* _Exercise directions_: Copy each line below exactly and leave the pictures out.

* _Given information_:

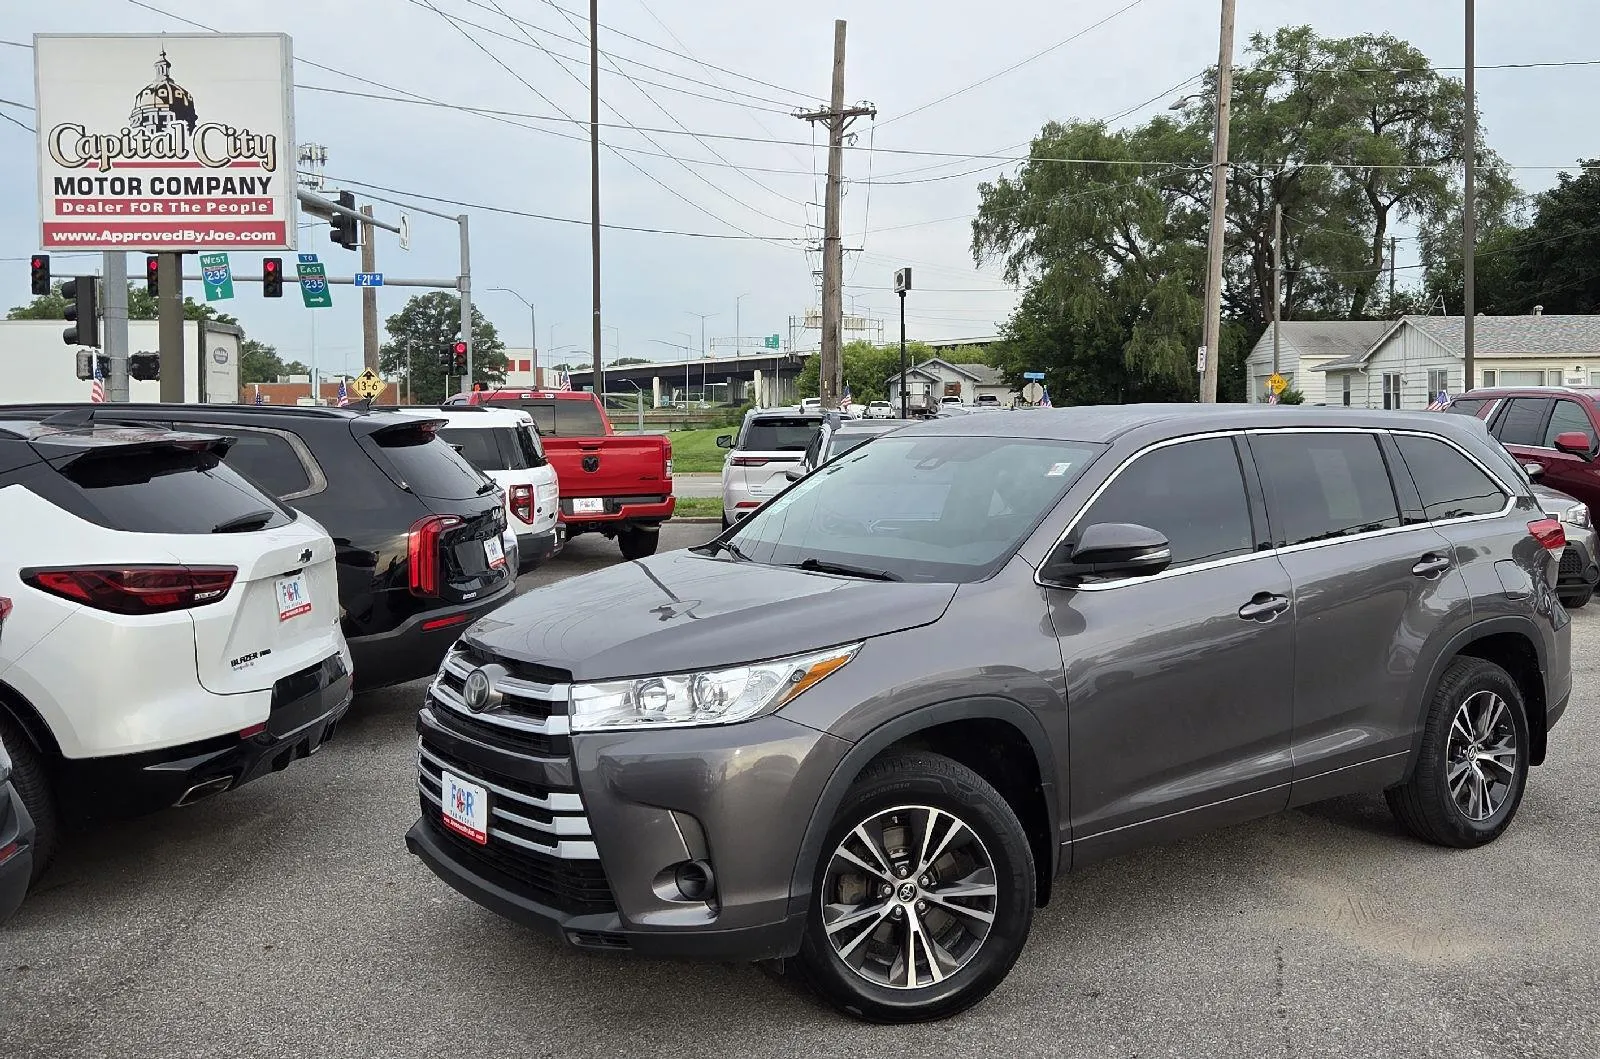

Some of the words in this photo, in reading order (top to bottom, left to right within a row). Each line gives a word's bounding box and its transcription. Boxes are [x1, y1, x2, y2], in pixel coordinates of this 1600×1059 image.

[49, 122, 189, 172] Capital
[193, 122, 277, 172] City
[54, 176, 142, 196] MOTOR
[150, 176, 272, 195] COMPANY
[62, 202, 123, 213] Dealer
[130, 202, 163, 213] FOR
[169, 202, 201, 213] The
[206, 201, 268, 214] People
[52, 229, 276, 243] www.ApprovedByJoe.com
[202, 256, 225, 264] WEST
[207, 269, 227, 281] 235
[300, 265, 321, 273] EAST
[304, 279, 324, 289] 235
[357, 380, 380, 391] 13'-6"
[231, 651, 258, 667] BLAZER
[451, 783, 475, 819] FOR
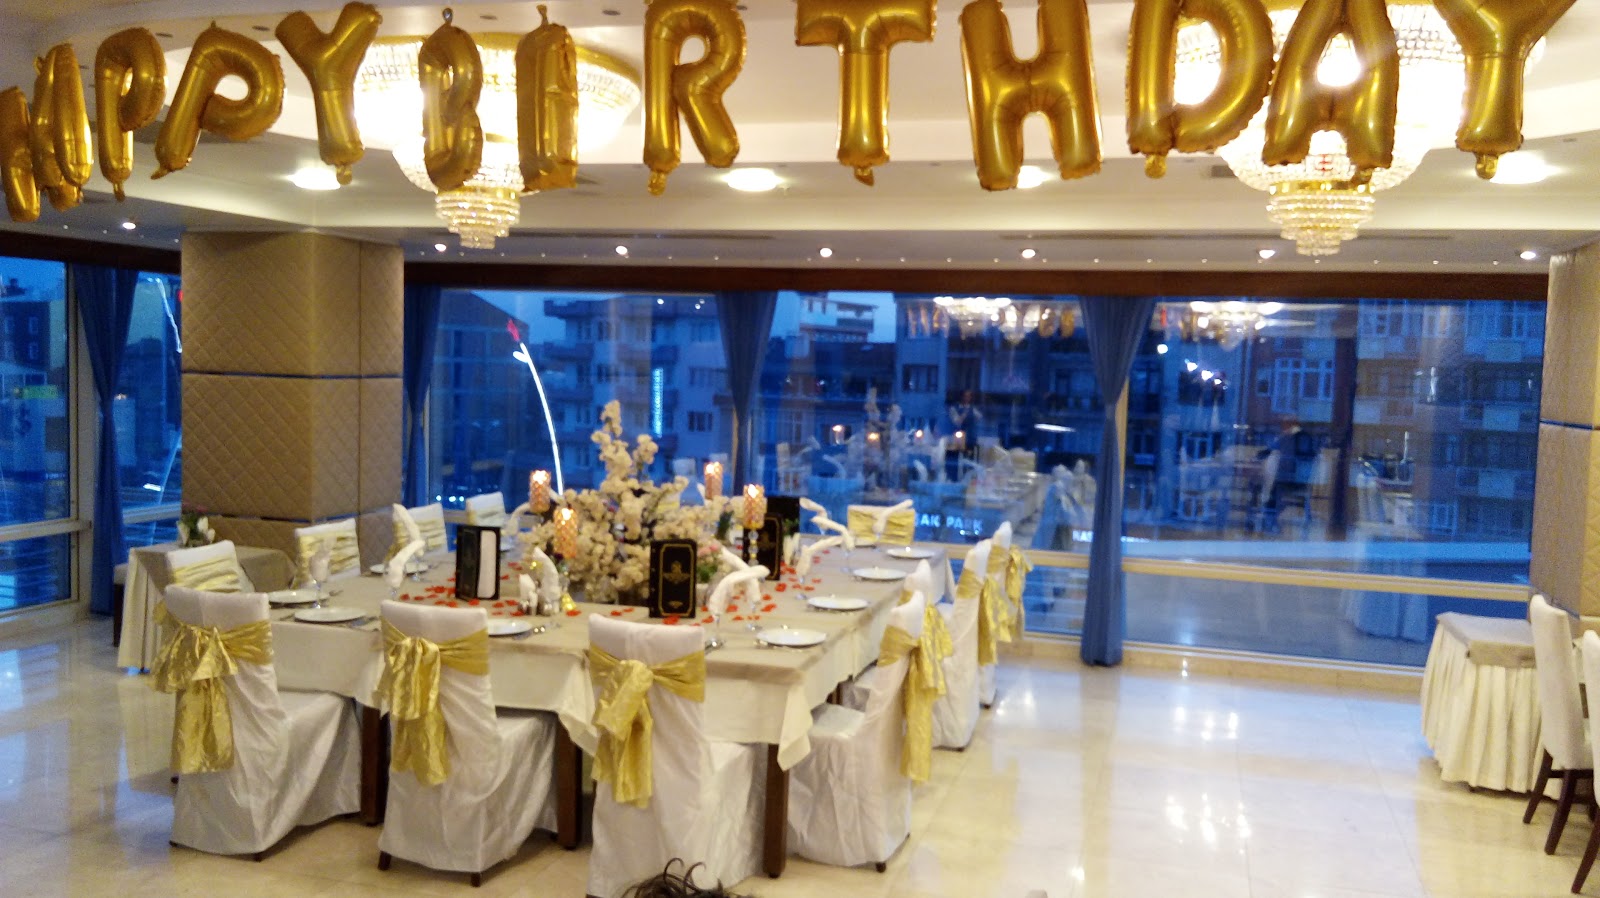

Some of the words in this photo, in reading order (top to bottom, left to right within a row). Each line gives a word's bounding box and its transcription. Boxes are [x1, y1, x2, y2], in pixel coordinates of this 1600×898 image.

[422, 0, 1578, 191] BIRTHDAY
[914, 512, 941, 528] AK
[946, 515, 983, 531] PARK
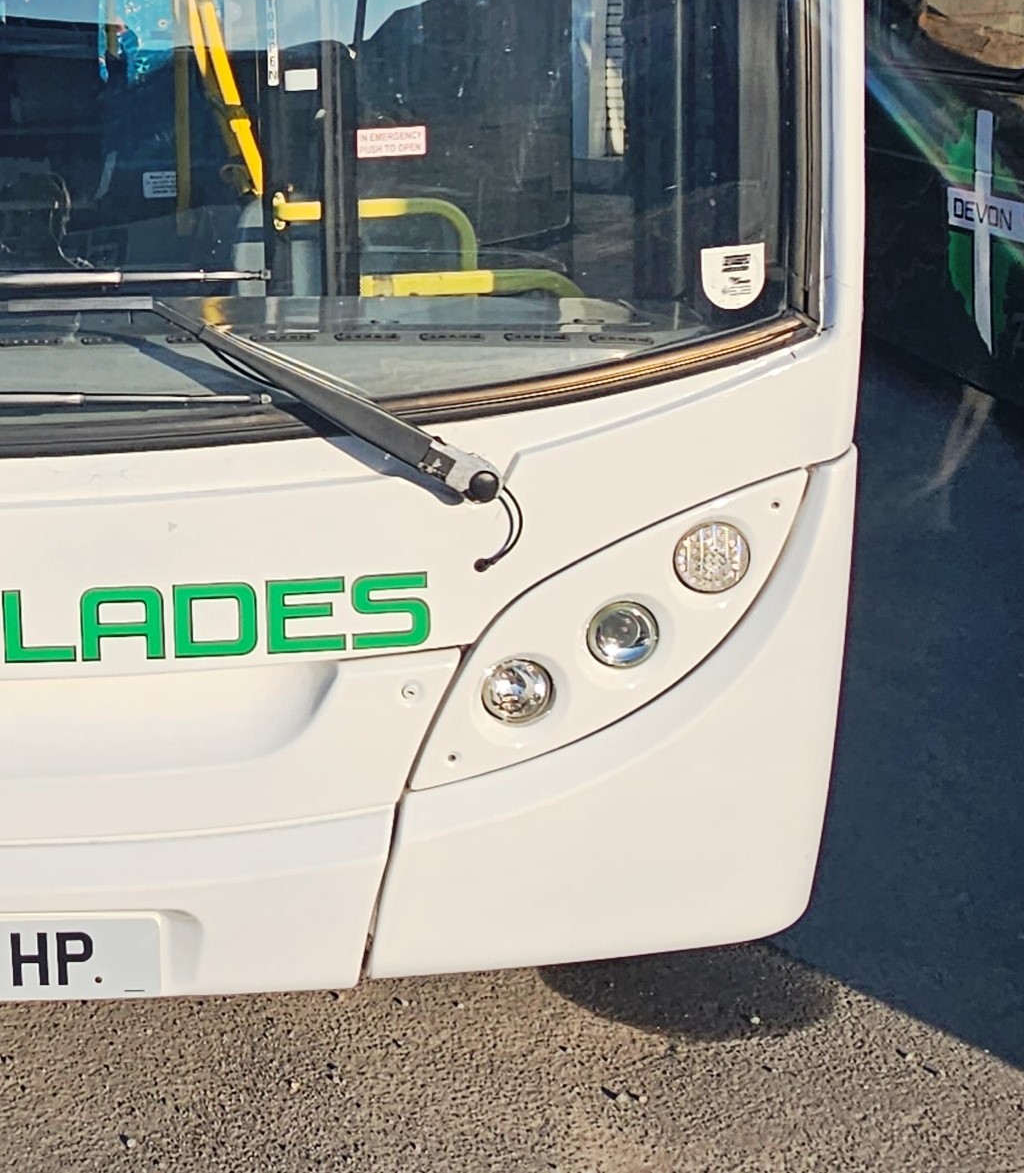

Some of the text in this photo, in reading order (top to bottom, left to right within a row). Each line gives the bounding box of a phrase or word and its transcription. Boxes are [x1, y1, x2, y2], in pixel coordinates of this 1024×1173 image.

* _Written response_:
Some of the words in this photo, in reading order (top to bottom, left to right within a row). Each line gives a word's bounding box and its transcription. Boxes are [x1, y1, x2, y2], in pixel coordinates of this 1600×1059 image.

[49, 122, 189, 172] Capital
[193, 122, 277, 172] City
[54, 176, 142, 196] MOTOR
[150, 176, 272, 195] COMPANY
[62, 202, 123, 213] Dealer
[130, 202, 163, 213] FOR
[169, 202, 201, 213] The
[206, 201, 268, 214] People
[52, 229, 276, 243] www.ApprovedByJoe.com
[202, 256, 225, 264] WEST
[207, 269, 227, 281] 235
[300, 265, 321, 273] EAST
[304, 279, 324, 289] 235
[357, 380, 380, 391] 13'-6"
[231, 651, 258, 667] BLAZER
[451, 783, 475, 819] FOR

Some of the words in this photo, in reading order (top to bottom, left to right within a row). Each line gives a word's bounding box and its transcription. Boxes are [x1, y1, x2, y2], in pixel coordinates of this 1600×898 image.

[422, 0, 1578, 191] BIRTHDAY
[914, 512, 941, 528] AK
[946, 515, 983, 531] PARK

Some of the text in this photo, in reading order (top to bottom, left to right within a row). Each line gives the bounding box of a phrase or word and its transcription. Boxes are [x1, y1, x2, y2], in pixel coordinates of this 1024×1173 image.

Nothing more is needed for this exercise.